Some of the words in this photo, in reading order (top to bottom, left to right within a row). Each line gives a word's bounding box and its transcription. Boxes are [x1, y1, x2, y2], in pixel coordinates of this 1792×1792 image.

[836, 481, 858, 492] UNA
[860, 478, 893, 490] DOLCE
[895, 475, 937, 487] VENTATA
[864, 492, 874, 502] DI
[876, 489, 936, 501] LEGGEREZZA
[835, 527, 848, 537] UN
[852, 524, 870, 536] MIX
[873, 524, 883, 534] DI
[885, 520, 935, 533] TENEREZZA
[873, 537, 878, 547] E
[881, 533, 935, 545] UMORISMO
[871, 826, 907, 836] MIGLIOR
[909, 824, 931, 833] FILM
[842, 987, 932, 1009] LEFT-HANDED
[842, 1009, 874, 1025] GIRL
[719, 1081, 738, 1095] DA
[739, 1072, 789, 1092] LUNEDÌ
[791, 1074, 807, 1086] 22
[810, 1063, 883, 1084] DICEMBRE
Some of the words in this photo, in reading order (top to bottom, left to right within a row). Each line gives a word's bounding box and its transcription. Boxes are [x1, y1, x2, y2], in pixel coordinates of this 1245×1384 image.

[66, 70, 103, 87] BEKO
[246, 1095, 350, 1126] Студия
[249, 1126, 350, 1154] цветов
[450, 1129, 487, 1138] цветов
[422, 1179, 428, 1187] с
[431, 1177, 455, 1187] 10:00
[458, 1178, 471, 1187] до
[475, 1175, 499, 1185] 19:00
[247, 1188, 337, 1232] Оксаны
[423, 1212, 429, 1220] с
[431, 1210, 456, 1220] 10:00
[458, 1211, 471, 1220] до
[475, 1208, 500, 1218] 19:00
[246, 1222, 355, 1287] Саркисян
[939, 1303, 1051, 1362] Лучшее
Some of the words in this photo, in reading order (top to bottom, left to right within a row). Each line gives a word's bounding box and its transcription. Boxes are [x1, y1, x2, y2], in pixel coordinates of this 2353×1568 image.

============================================================

- [What the task requires]
Reproduce each entry above exactly, keeping every word.

- [Result]
Some of the words in this photo, in reading order (top to bottom, left to right within a row). Each line gives a word's bounding box and its transcription. Boxes are [x1, y1, x2, y2], in pixel coordinates of this 1792×1792 image.

[836, 481, 858, 492] UNA
[860, 478, 893, 490] DOLCE
[895, 475, 937, 487] VENTATA
[864, 492, 874, 502] DI
[876, 489, 936, 501] LEGGEREZZA
[835, 527, 848, 537] UN
[852, 524, 870, 536] MIX
[873, 524, 883, 534] DI
[885, 520, 935, 533] TENEREZZA
[873, 537, 878, 547] E
[881, 533, 935, 545] UMORISMO
[871, 826, 907, 836] MIGLIOR
[909, 824, 931, 833] FILM
[842, 987, 932, 1009] LEFT-HANDED
[842, 1009, 874, 1025] GIRL
[719, 1081, 738, 1095] DA
[739, 1072, 789, 1092] LUNEDÌ
[791, 1074, 807, 1086] 22
[810, 1063, 883, 1084] DICEMBRE
Some of the words in this photo, in reading order (top to bottom, left to right within a row). Each line gives a word's bounding box and its transcription. Boxes are [x1, y1, x2, y2], in pixel coordinates of this 1245×1384 image.

[66, 70, 103, 87] BEKO
[246, 1095, 350, 1126] Студия
[249, 1126, 350, 1154] цветов
[450, 1129, 487, 1138] цветов
[422, 1179, 428, 1187] с
[431, 1177, 455, 1187] 10:00
[458, 1178, 471, 1187] до
[475, 1175, 499, 1185] 19:00
[247, 1188, 337, 1232] Оксаны
[423, 1212, 429, 1220] с
[431, 1210, 456, 1220] 10:00
[458, 1211, 471, 1220] до
[475, 1208, 500, 1218] 19:00
[246, 1222, 355, 1287] Саркисян
[939, 1303, 1051, 1362] Лучшее
Some of the words in this photo, in reading order (top to bottom, left to right within a row). Each line gives a word's bounding box and its transcription. Boxes are [x1, y1, x2, y2], in pixel coordinates of this 2353×1568 image.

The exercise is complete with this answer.